The relation of Outward and Inward unites the two relations that precede, and at the same time sets in abeyance mere relativity and phenomenality in general. Yet so long as understanding keeps the Inward and Outward fixed in their separation, they are empty forms, the one as null as the other. Not only in the study of nature, but also of the spiritual world, much depends on a just appreciation of the relation of inward and outward, and especially on avoiding the misconception that the former only is the essential point on which everything turns, while the latter is unessential and trivial. We find this mistake made when, as is often done, the difference between nature and mind is traced back to the abstract difference between inner and outer. As for nature, it certainly is in the gross external, not merely to the mind, but even on its own part. But to call it external 'in the gross' is not to imply an abstract externality—for there is no such thing. It means rather that the Idea which forms the common content of nature and mind, is found in nature as outward only, and for that very reason only inward. The abstract understanding, with its 'Either—or,' may struggle against this conception of nature. It is none the less obviously found in our other modes of consciousness, particularly in religion. It is the lesson of religion that nature, no less than the spiritual world, is a revelation of God: but with this distinction, that while nature never gets so far as to be conscious of its divine essence, that consciousness is the express problem of the mind, which in the matter of that problem is as yet finite. Those who look upon the essence of nature as mere inwardness, and therefore inaccessible to us, take up the same line as that ancient creed which regarded God as envious and jealous; a creed which both Plato and Aristotle pronounced against long ago. All that God is, He imparts and reveals; and He does so, at first, in and through nature.
Any object indeed is faulty and imperfect when it is only inward, and thus at the same time only outward, or, (which is the same thing,) when it is only an outward and thus only an inward. For instance, a child, taken in the gross as human being, is no doubt a rational creature; but the reason of the child as child is at first a mere inward, in the shape of his natural ability or vocation, &c. This mere inward, at the same time, has for the child the form of a more outward, in the shape of the will of his parents, the attainments of his teachers, and the whole world of reason that environs him. The education and instruction of a child aim at making him actually and for himself what he is at first potentially and therefore for others, viz. for his grown-up friends. The reason, which at first exists in the child only as an inner possibility, is actualised through education: and conversely, the child by these means becomes conscious that the goodness, religion, and science which he had at first looked upon as an outward authority, are his own and inward nature. As with the child so it is in this matter with the adult, when, in opposition to his true destiny, his intellect and will remain in the bondage of the natural man. Thus, the criminal sees the punishment to which he has to submit as an act of violence from without: whereas in fact the penalty is only the manifestation of his own criminal will.

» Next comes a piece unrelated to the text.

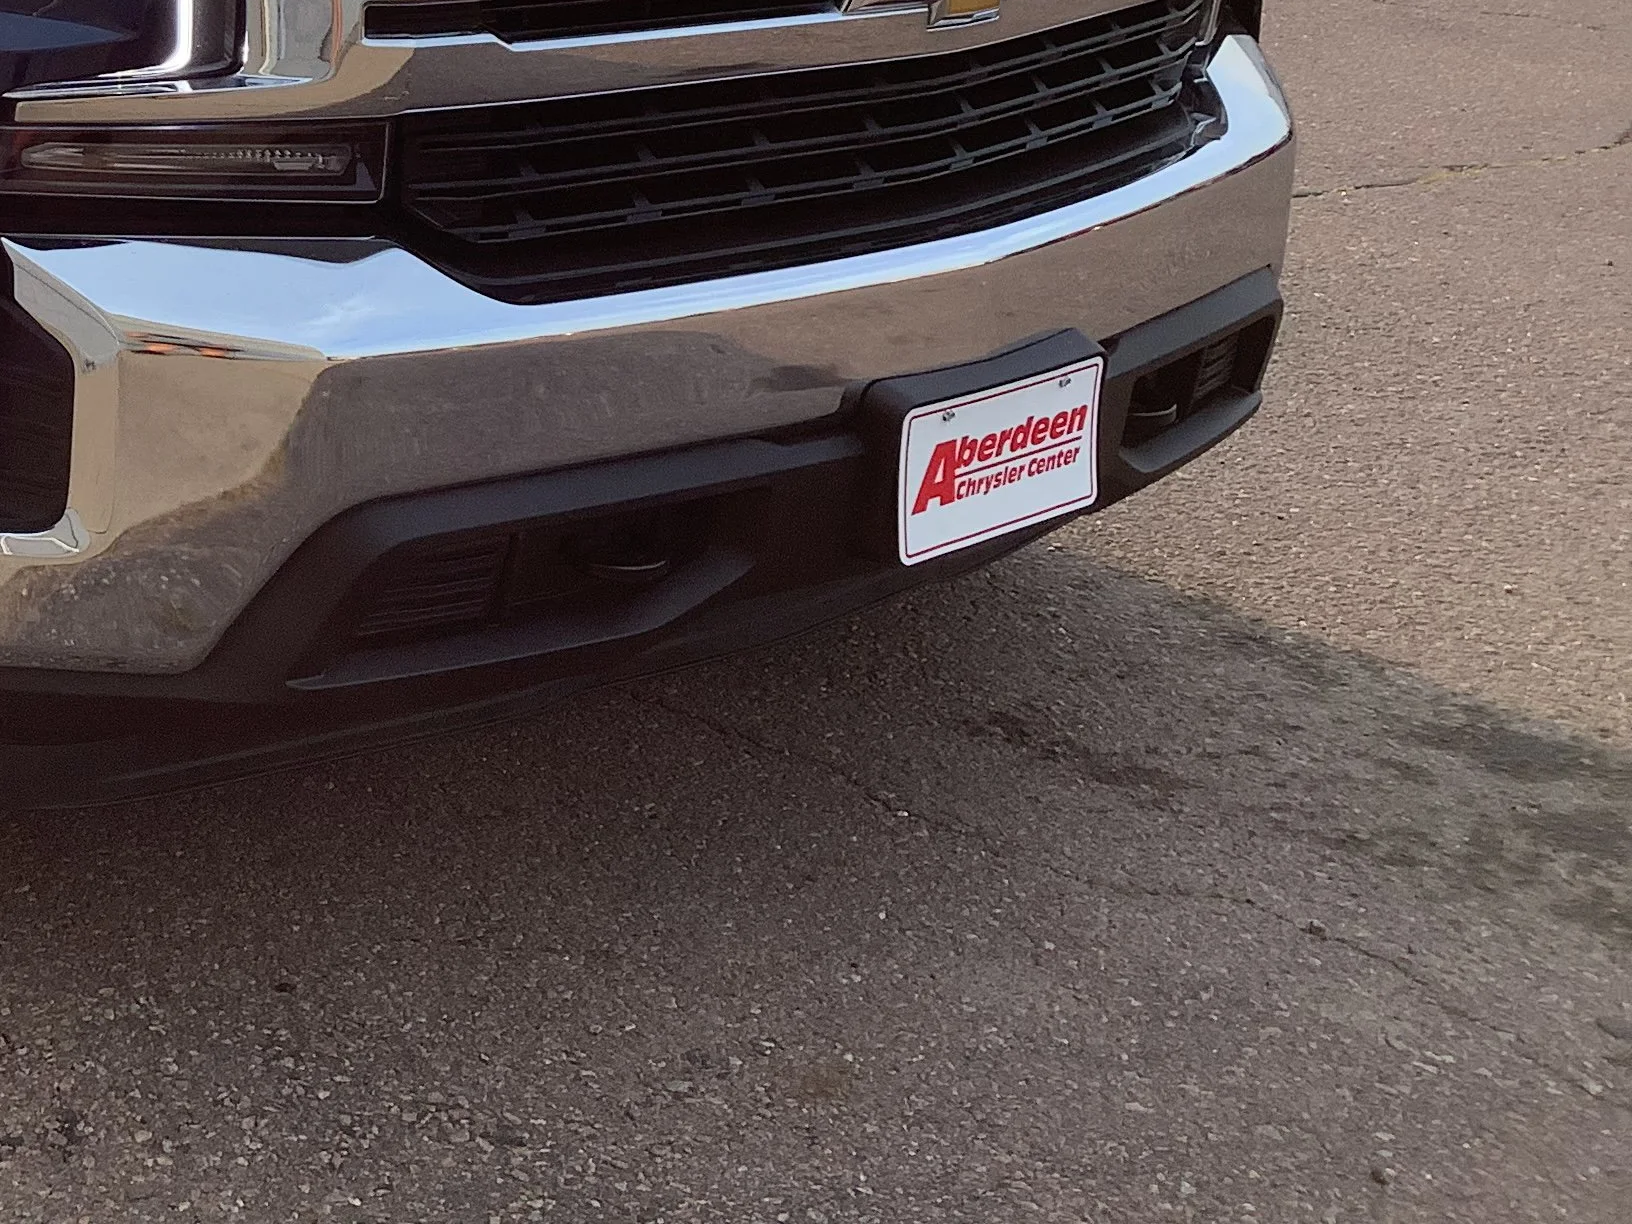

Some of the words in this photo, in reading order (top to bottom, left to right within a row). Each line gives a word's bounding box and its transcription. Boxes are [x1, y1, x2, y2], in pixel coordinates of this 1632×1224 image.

From what has now been said, we may learn what to think of a man who, when blamed for his shortcomings, it may be, his discreditable acts, appeals to the (professedly) excellent intentions and sentiments of the inner self he distinguishes therefrom. There certainly may be individual cases, where the malice of outward circumstances frustrates well-meant designs, and disturbs the execution of the best-laid plans. But in general even here the essential unity between inward and outward is maintained. We are thus justified in saying that a man is what he does; and the lying vanity which consoles itself with the feeling of inward excellence, may be confronted with the words of the gospel: 'By their fruits ye shall know them.' That grand saying applies primarily in a moral and religious aspect, but it also holds good in reference to performances in art and science. The keen eye of a teacher who perceives in his pupil decided evidences of talent, may lead him to state his opinion that a Raphael or a Mozart lies hidden in the boy: and the result will show how far such an opinion was well-founded. But if a daub of a painter, or a poetaster, soothe themselves by the conceit that their head is full of high ideals, their consolation is a poor one; and if they insist on being judged not by their actual works but by their projects, we may safely reject their pretensions as unfounded and unmeaning. The converse case however also occurs. In passing judgment on men who have accomplished something great and good, we often make use of the false distinction between inward and outward. All that they have accomplished, we say, is outward merely; inwardly they were acting from some very different motive, such as a desire to gratify their vanity or other unworthy passion. This is the spirit of envy. Incapable of any great action of its own, envy tries hard to depreciate greatness and to bring it down to its own level. Let us, rather, recall the fine expression of Goethe, that there is no remedy but Love against great superiorities of others. We may seek to rob men's great actions of their grandeur, by the insinuation of hypocrisy; but, though it is possible that men in an instance now and then may dissemble and disguise a good deal, they cannot conceal the whole of their inner self, which infallibly betrays itself in the decursus vitae. Even here it is true that a man is nothing but the series of his actions.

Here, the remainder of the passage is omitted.